Among the findings, retirement data from just three states—California, Illinois and Ohio—include a total of 1,632 officially reported COVID-19 deaths among active and retired teachers and support staff in 2020-2021. Given the overall lack of data accessible to the public across the US among various retirement systems, the WSWS had to extrapolate from these three states. California, Illinois and Ohio account for one-fifth of the population, meaning an estimated 8,000 COVID-19 deaths among active and retired educators and school employees have occurred across the country during the first two years of the pandemic.
These figures are undoubtedly far higher as we are well into the latter portion of 2022, and schools are beginning to open for the new academic year.

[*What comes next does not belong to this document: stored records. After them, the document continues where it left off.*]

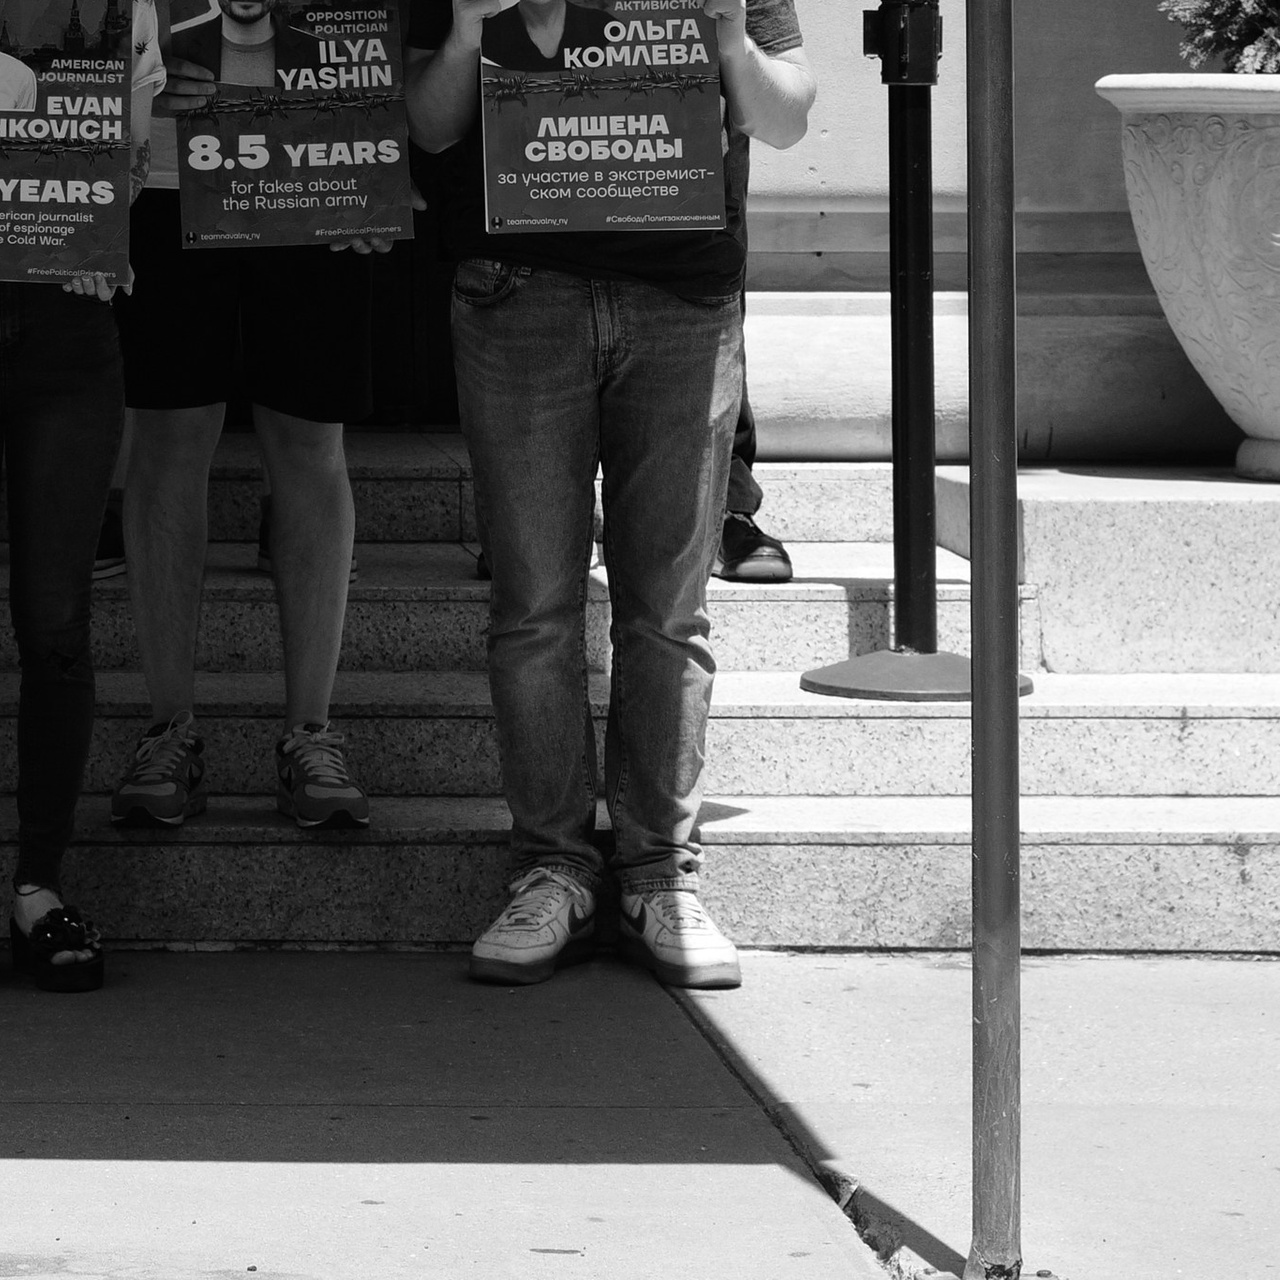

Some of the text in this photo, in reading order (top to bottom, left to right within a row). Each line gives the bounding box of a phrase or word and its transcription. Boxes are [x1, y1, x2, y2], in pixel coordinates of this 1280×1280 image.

[614, 0, 700, 11] АКТИВИСТК
[306, 10, 387, 22] OPPOSITION
[315, 23, 388, 35] POLITICIAN
[603, 19, 701, 43] ОЛЬГА
[319, 38, 388, 64] ILYA
[563, 43, 709, 68] КОМЛЕВА
[51, 59, 125, 70] AMERICAN
[38, 72, 124, 83] JOURNALIST
[276, 65, 393, 91] YASHIN
[47, 96, 121, 116] EVAN
[537, 114, 669, 138] ЛИШЕНА
[188, 134, 400, 171] 8.5 YEARS
[524, 138, 683, 162] СВОБОДЫ
[498, 167, 715, 186] за участие в экстремист-
[231, 178, 357, 195] for fakes about
[530, 183, 679, 199] ском сообществе
[223, 194, 368, 211] the Russian army
[37, 210, 94, 224] journalist
[0, 222, 11, 233] of
[14, 223, 75, 236] espionage
[7, 234, 37, 245] Cold
[40, 235, 66, 246] War.
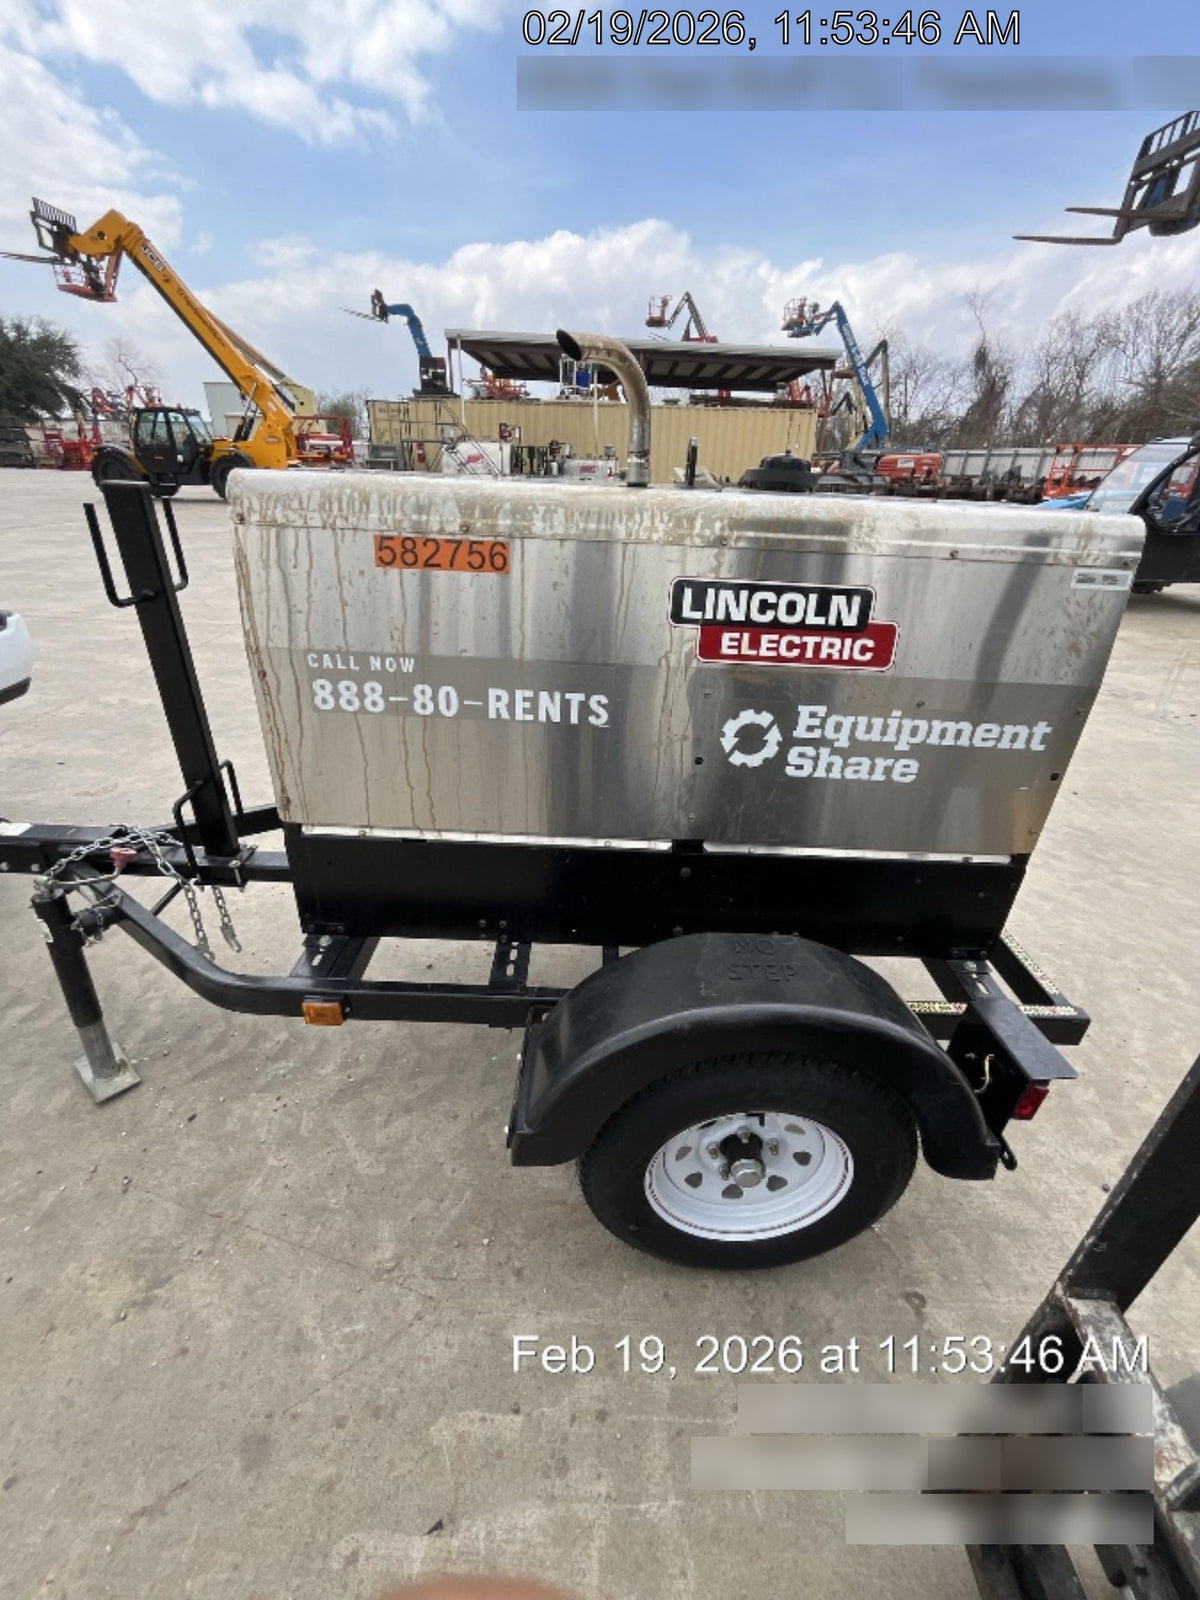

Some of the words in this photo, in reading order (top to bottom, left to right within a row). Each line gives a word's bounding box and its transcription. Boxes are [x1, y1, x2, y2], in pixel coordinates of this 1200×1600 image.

[377, 536, 509, 572] 582756
[681, 586, 861, 627] LINCOLN
[307, 653, 360, 671] CALL
[370, 655, 416, 674] NOW
[720, 632, 876, 662] ELECTRIC
[312, 678, 610, 728] 888-80-RENTS
[792, 704, 1053, 752] Equipment
[785, 745, 920, 783] Share
[734, 936, 776, 955] NO
[728, 963, 800, 983] STEP

Additional findings from Texas teacher retirement data show a significant uptick in excess deaths among its members, reporting 2,080 excess deaths in 2020-2021. Other states included in the findings, North Carolina, Georgia, and New Mexico, show explicit efforts by state retirement plans to conceal COVID-related deaths among its members.

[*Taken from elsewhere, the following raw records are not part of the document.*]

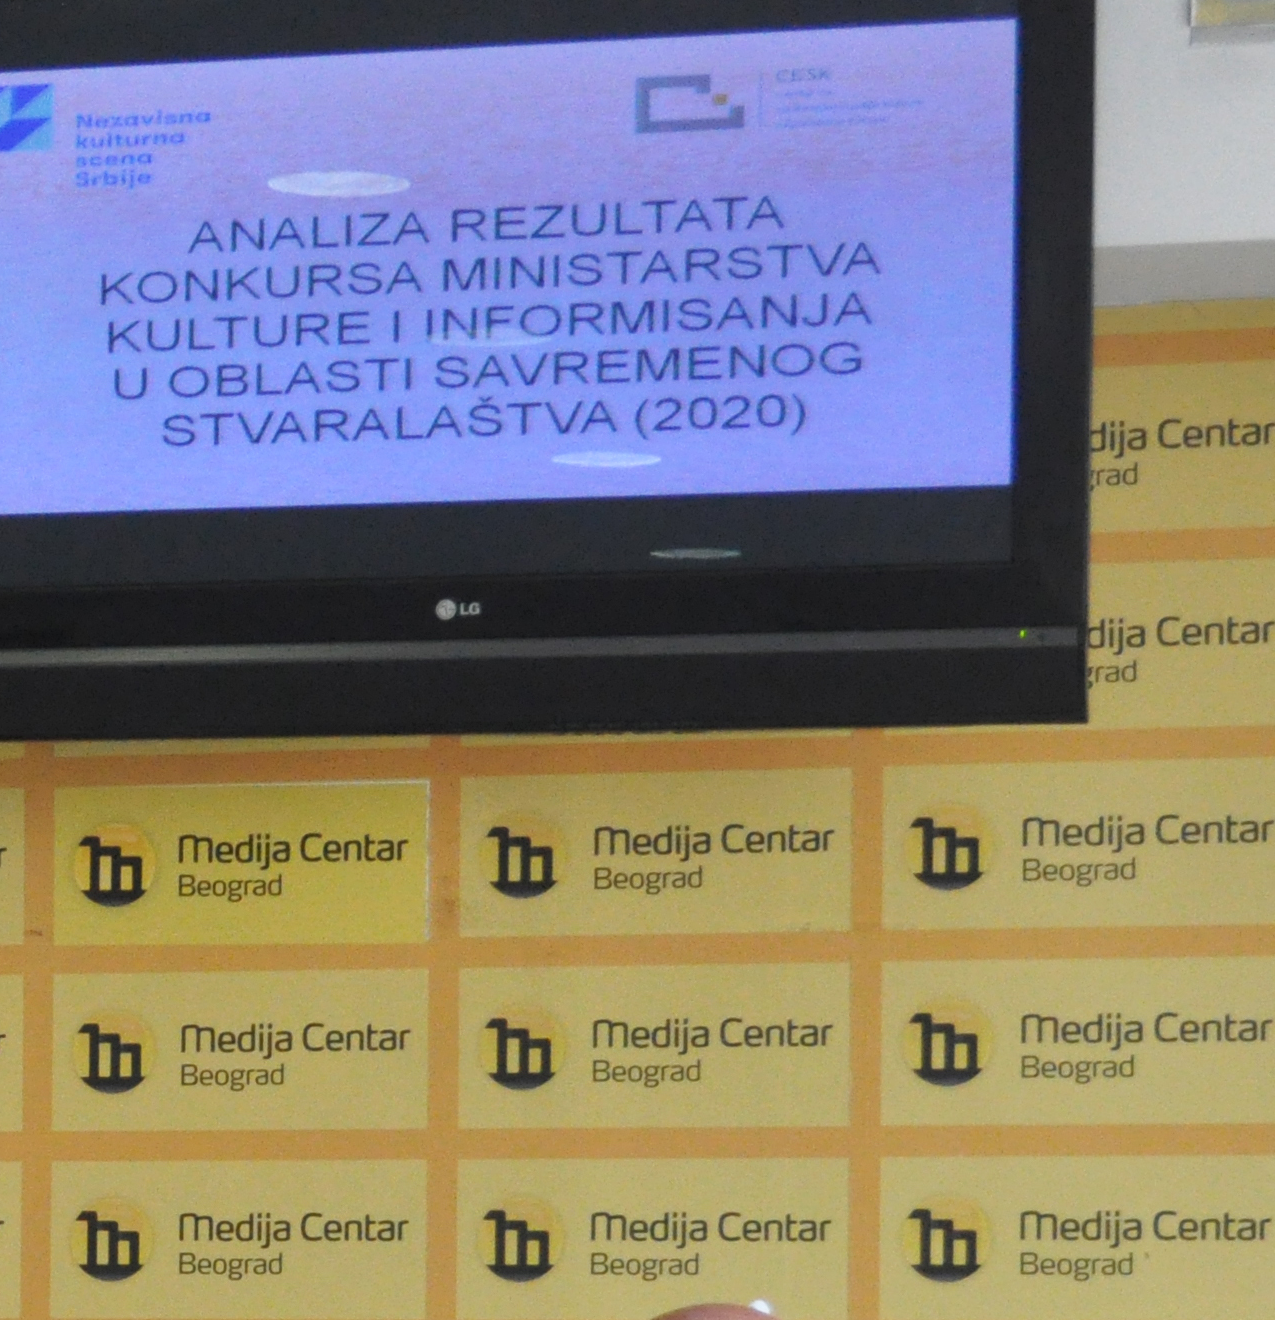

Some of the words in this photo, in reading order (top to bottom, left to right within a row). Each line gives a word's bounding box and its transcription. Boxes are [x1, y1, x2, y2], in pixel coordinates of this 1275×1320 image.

[74, 108, 213, 130] Nezavisna
[73, 132, 187, 151] kulturna
[74, 152, 154, 169] scena
[74, 169, 154, 191] Srbije
[189, 212, 429, 253] ANALIZA
[451, 196, 785, 242] REZULTATA
[100, 261, 422, 306] KONKURSA
[443, 242, 881, 291] MINISTARSTVA
[107, 311, 369, 354] KULTURE
[426, 292, 872, 338] INFORMISANJA
[114, 368, 148, 400] U
[168, 358, 412, 398] OBLASTI
[435, 341, 863, 389] SAVREMENOG
[163, 399, 617, 447] STVARALAŠTVA
[634, 394, 807, 439] (2020)
[459, 602, 481, 616] LG
[1021, 815, 1146, 854] Medija
[1154, 813, 1275, 846] Centar
[178, 833, 291, 871] Medija
[299, 832, 409, 863] Centar
[178, 874, 283, 903] Beograd
[1022, 857, 1137, 887] Beograd
[592, 1017, 711, 1056] Medija
[719, 1017, 834, 1049] Centar
[592, 1059, 702, 1088] Beograd
[178, 1212, 292, 1250] Medija
[299, 1211, 409, 1243] Centar
[1019, 1210, 1143, 1250] Medija
[1152, 1209, 1272, 1242] Centar
[178, 1251, 283, 1281] Beograd
[1019, 1251, 1134, 1282] Beograd

This horrific toll illustrates the result of the homicidal bipartisan school and workplace reopening policy and the blatant conspiracy by the state and federal governments, the corporate media and trade unions to cover up the dangers of COVID-19. This has been done to keep schools open and parents at work for the sake of profits. Mass infections, long-term illness and deaths will only continue under the current conditions as schools open with even less mitigations than years prior.
Despite the fact that the data exists, there has been no official, systematic national tally made available to the public of COVID-19 cases, hospitalizations or mortality data among teachers and school personnel in the US to date.
Among teachers and school staff, the most complete unofficial national count is compiled by the Twitter user @LostToCovid, who has recorded 2,403 teacher deaths to date. These figures have been corroborated by official and news media reports but are an incomplete tally of the total human cost. The education news outlet, EdWeek, which recorded deaths up until July 2022, notes that at least 1,306 active and retired K-12 educators and personnel have died of COVID-19. Of those, 449 were active teachers.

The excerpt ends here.